[Images for object localization]
#####

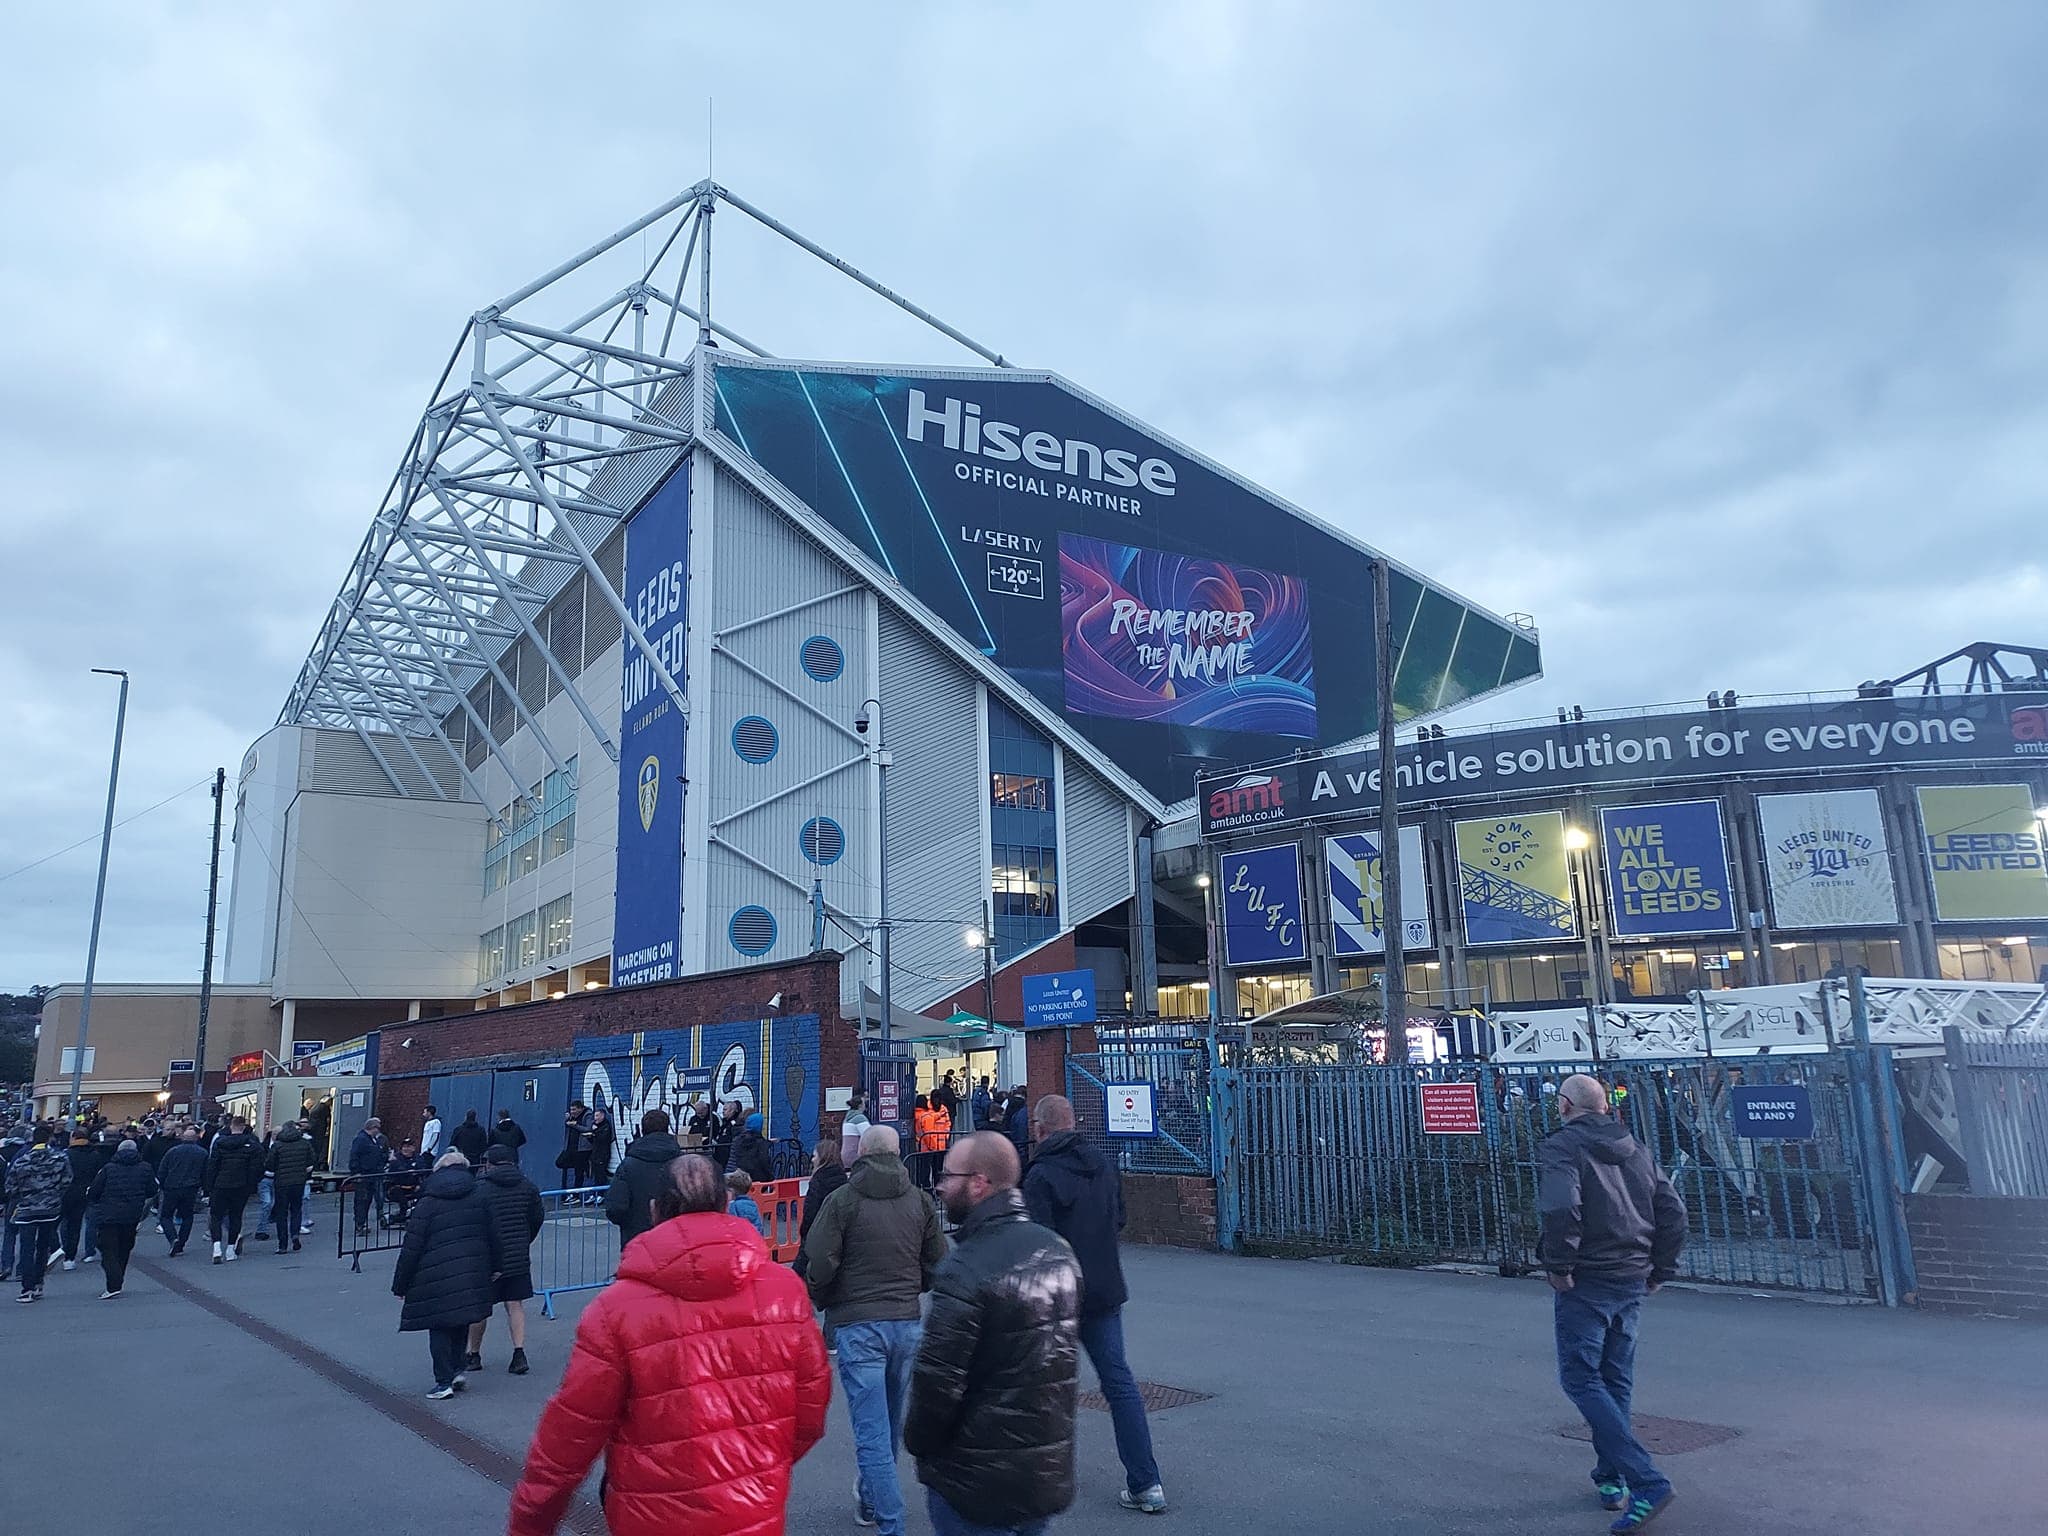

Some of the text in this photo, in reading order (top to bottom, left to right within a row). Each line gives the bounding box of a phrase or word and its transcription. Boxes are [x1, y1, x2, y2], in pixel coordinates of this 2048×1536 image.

[907, 388, 1177, 496] Hisense
[954, 462, 1142, 516] OFFICIAL PARTNER
[961, 526, 1042, 554] LASER TV
[1110, 599, 1255, 647] REMEMBER
[1136, 643, 1255, 695] THE NAME
[1311, 770, 1339, 801] A
[1345, 750, 1483, 795] vehicle
[1495, 732, 1672, 777] solution
[1685, 725, 1751, 759] for
[1764, 716, 1977, 756] everyone
[1210, 776, 1285, 818] amt
[1210, 807, 1285, 829] amtauto.co.uk
[1485, 822, 1533, 843] HOME
[1614, 824, 1664, 847] WE
[1777, 829, 1872, 854] LEEDS UNITED
[1927, 832, 2038, 853] LEEDS
[1353, 851, 1380, 859] ESTABLI
[1498, 841, 1521, 853] OF
[1490, 853, 1533, 871] LUFC
[1618, 847, 1674, 870] ALL
[1788, 861, 1803, 870] 19
[1854, 858, 1869, 866] 19
[1932, 853, 2041, 871] UNITED
[1621, 867, 1702, 892] LOVE
[1624, 889, 1721, 915] LEEDS
[618, 940, 673, 971] MARCHING ON
[1039, 1002, 1063, 1011] PARKING
[1063, 1000, 1088, 1009] BEYOND
[1042, 1012, 1073, 1021] THIS POINT
[1757, 1007, 1791, 1025] SGL
[1543, 1027, 1569, 1043] SGL
[1747, 1102, 1797, 1110] ENTRANCE
[1748, 1112, 1795, 1120] 8A AND 9
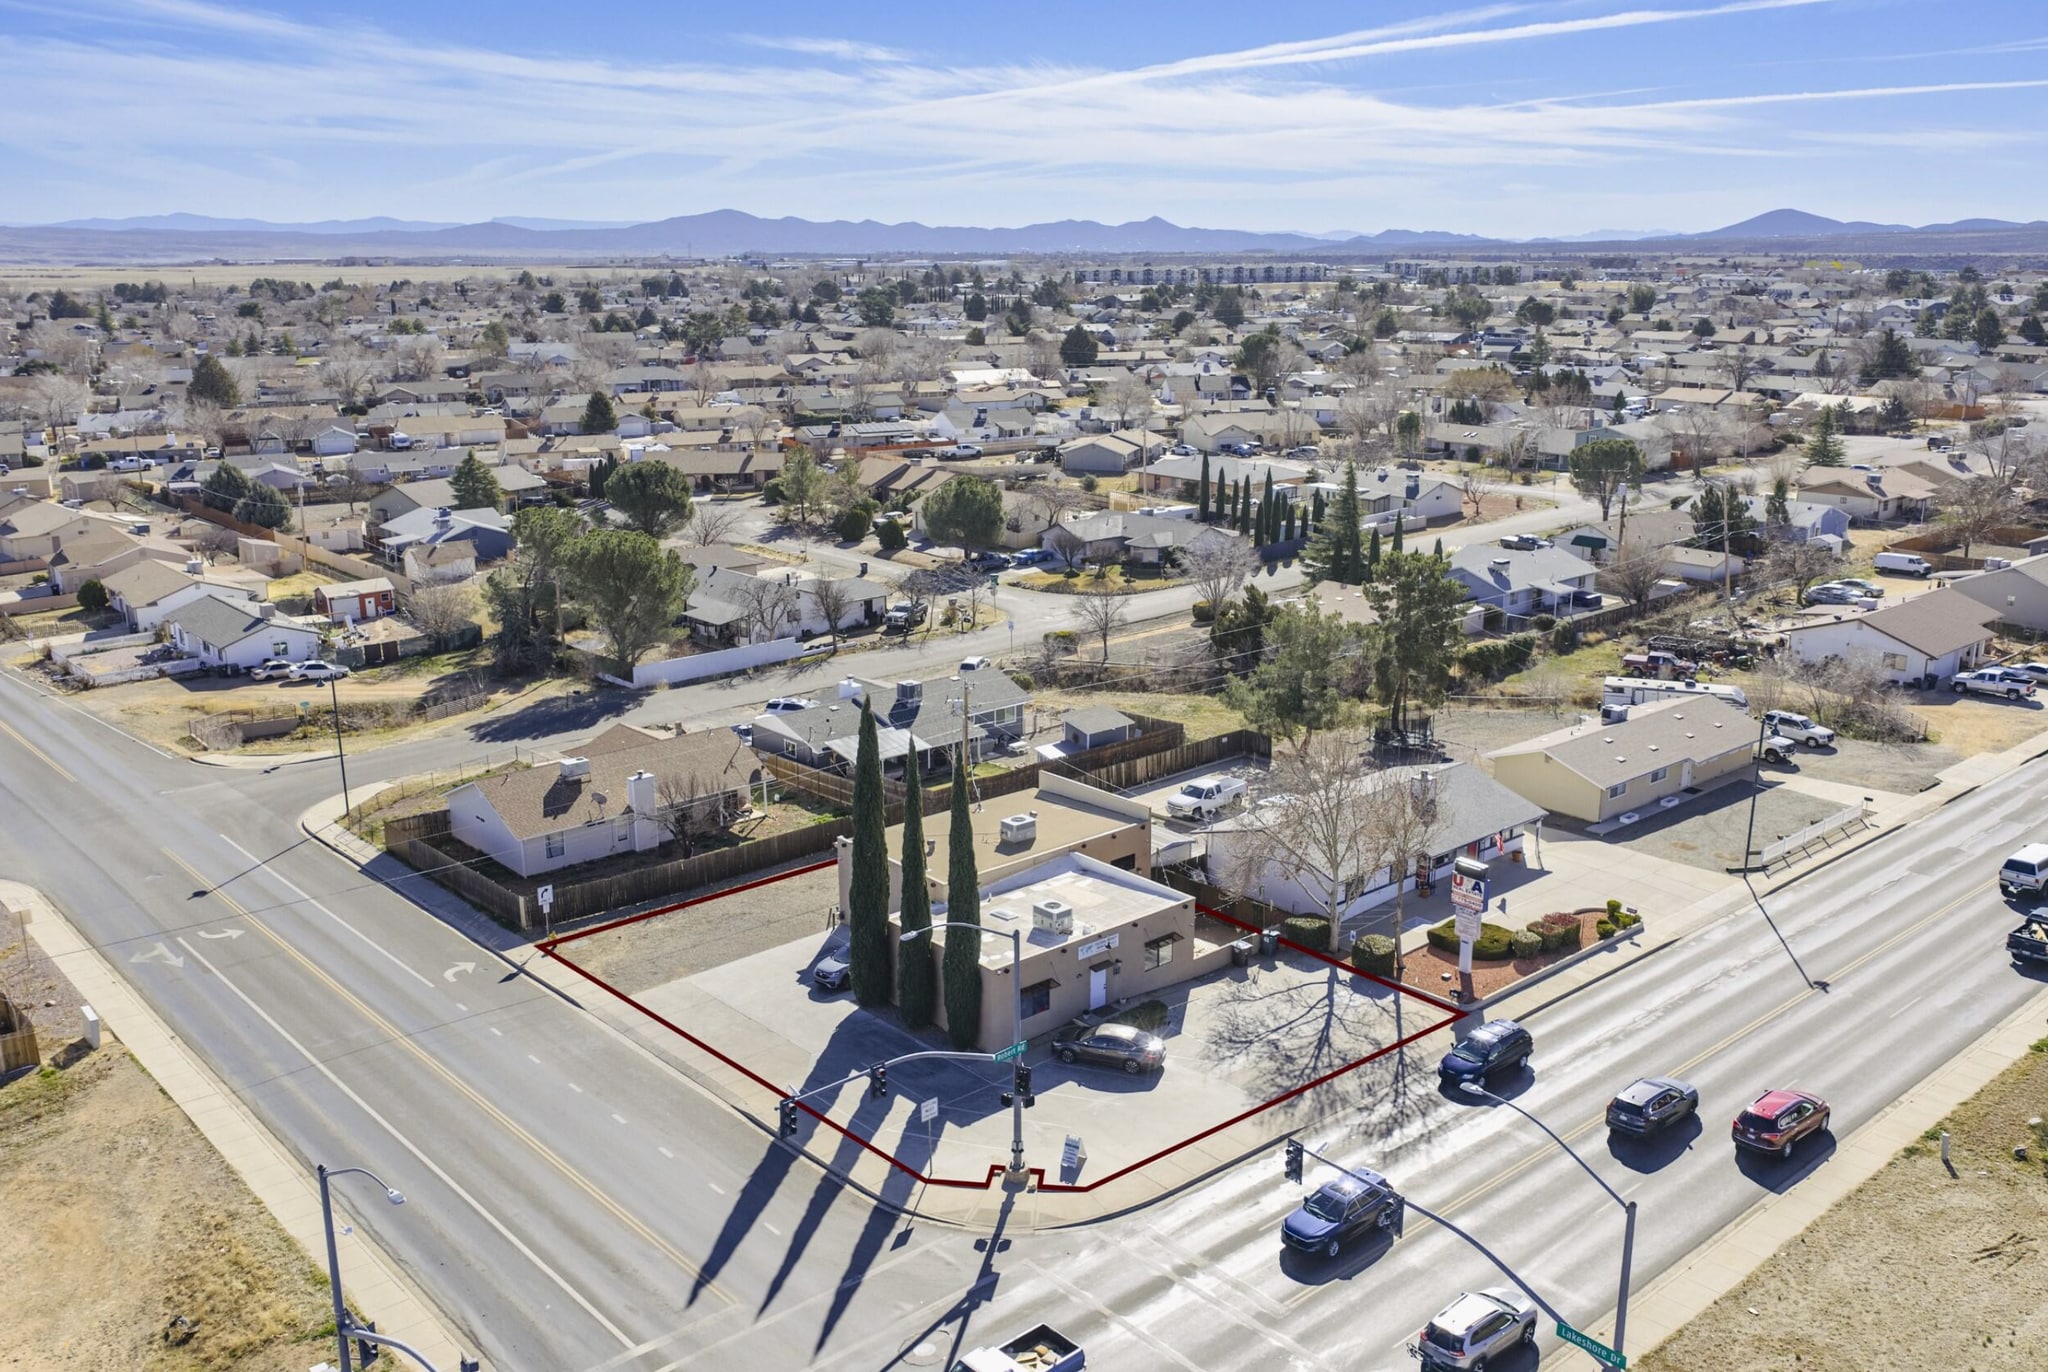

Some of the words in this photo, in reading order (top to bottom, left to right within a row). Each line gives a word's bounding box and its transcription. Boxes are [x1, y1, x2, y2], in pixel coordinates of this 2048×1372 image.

[1472, 881, 1482, 893] A
[997, 1047, 1016, 1061] Robert
[1562, 1327, 1607, 1358] Lakeshore
[1610, 1353, 1621, 1365] Dr
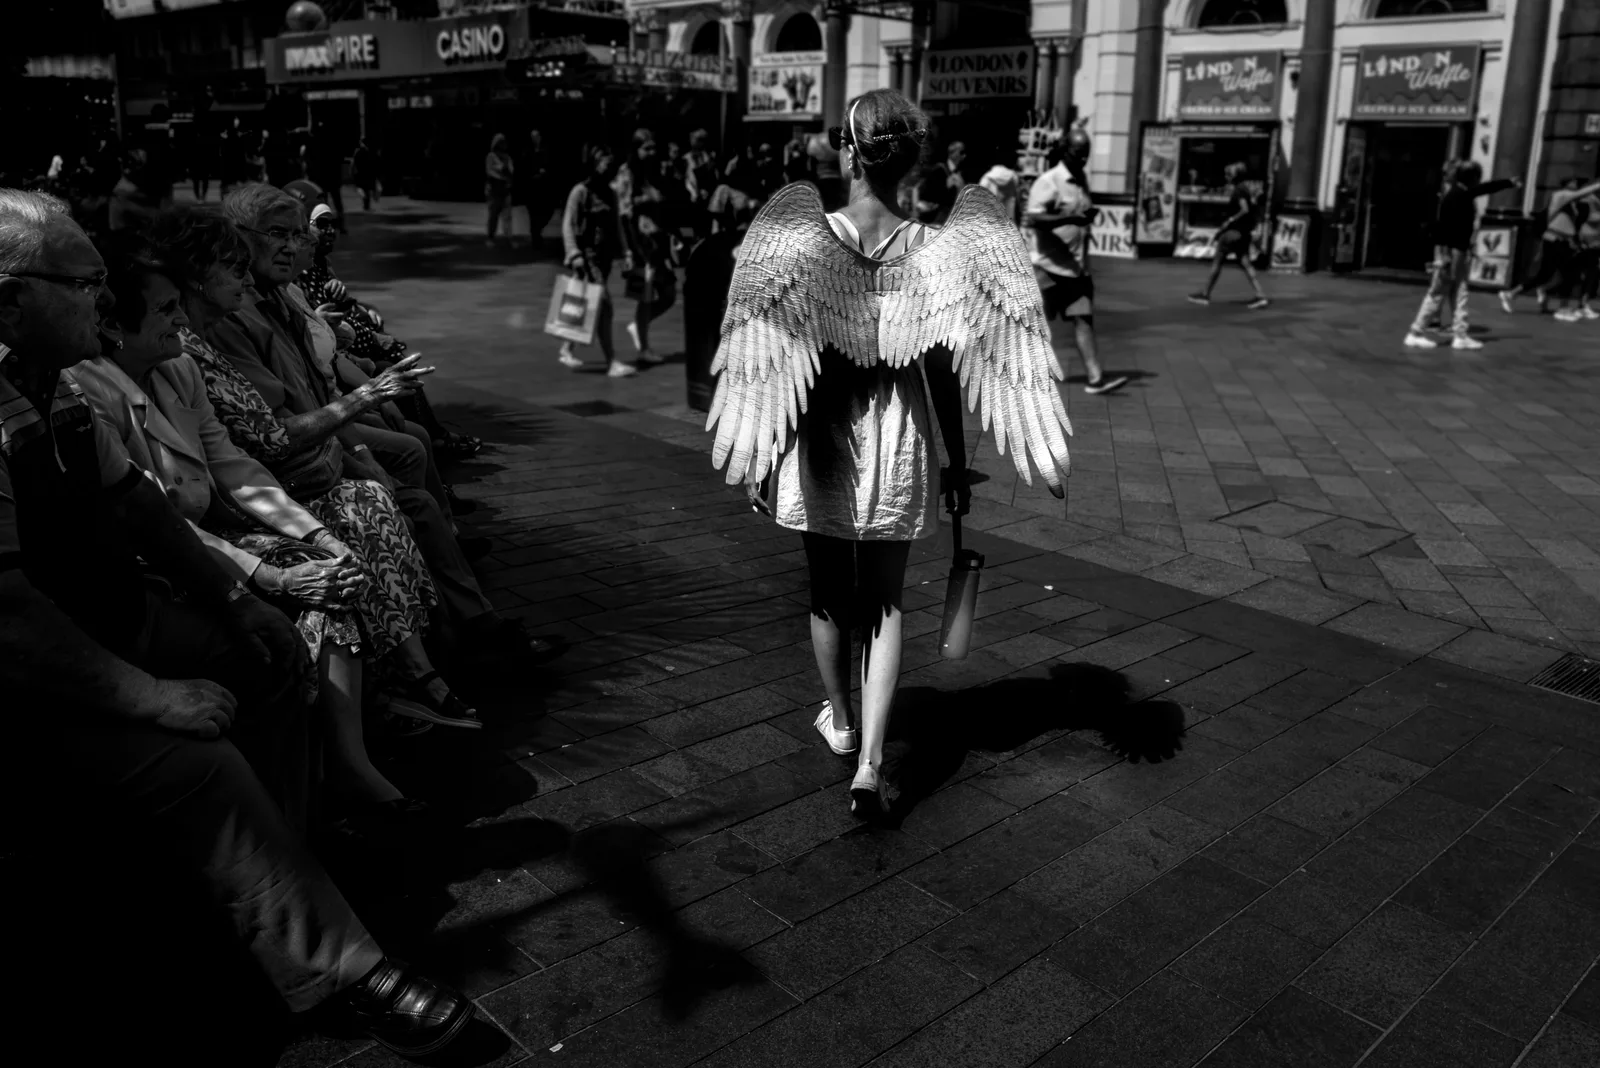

#####

In the records above, find the line that contains "Some of the words" and repeat exactly that line and all lines after it to the end. Do not include pictures.

* Expected answer:
Some of the words in this photo, in reading order (top to bottom, left to right within a row). Each line gives a word's bounding box and its transcription. Boxes are [x1, y1, x2, y2], in pixel coordinates of this 2048×1372 image.

[1472, 881, 1482, 893] A
[997, 1047, 1016, 1061] Robert
[1562, 1327, 1607, 1358] Lakeshore
[1610, 1353, 1621, 1365] Dr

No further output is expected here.